We do this to prevent leakage of information, we don't want people
to be able to probe for existing content.
According to RFC 2616, "This status code (404) is commonly used when the server does not
wish to reveal exactly why the request has been refused, or when no other response i
is applicable."
https://www.ietf.org/rfc/rfc2616.txt
10.4.4 403 Forbidden
The server understood the request, but is refusing to fulfill it.
Authorization will not help and the request SHOULD NOT be repeated.
If the request method was not HEAD and the server wishes to make
public why the request has not been fulfilled, it SHOULD describe the
reason for the refusal in the entity. If the server does not wish to
make this information available to the client, the status code 404
(Not Found) can be used instead.
10.4.5 404 Not Found
The server has not found anything matching the Request-URI. No
indication is given of whether the condition is temporary or
permanent.

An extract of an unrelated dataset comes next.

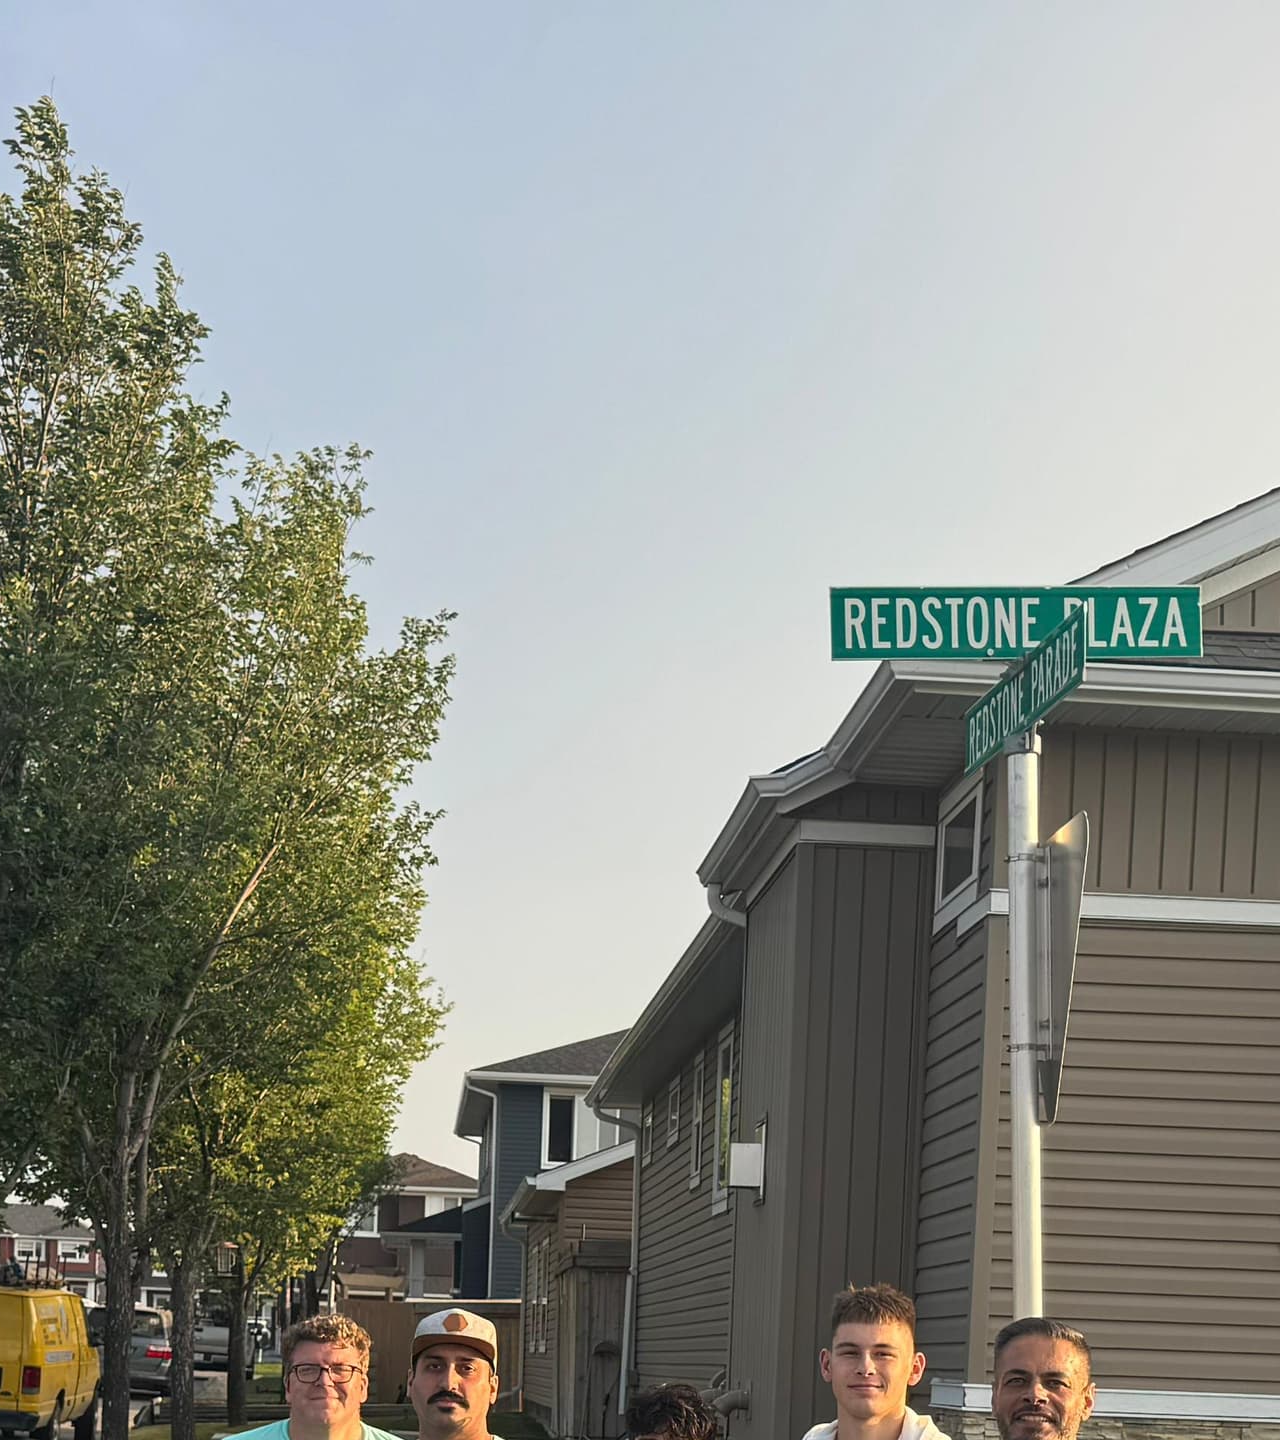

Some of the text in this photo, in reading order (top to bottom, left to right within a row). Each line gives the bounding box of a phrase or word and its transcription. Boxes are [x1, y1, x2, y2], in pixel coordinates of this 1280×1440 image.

[843, 596, 1041, 649] REDSTONE
[968, 622, 1079, 766] REDSTONE PARADE

The 410 (Gone) status code SHOULD be used if the server
knows, through some internally configurable mechanism, that an old
resource is permanently unavailable and has no forwarding address.
This status code is commonly used when the server does not wish to
reveal exactly why the request has been refused, or when no other
response is applicable.
When docker is running through its certificates, it should continue
trying with a new certificate even if it gets back a 404 error code.
Docker-DCO-1.1-Signed-off-by: Dan Walsh [email protected] (github: rhatdan)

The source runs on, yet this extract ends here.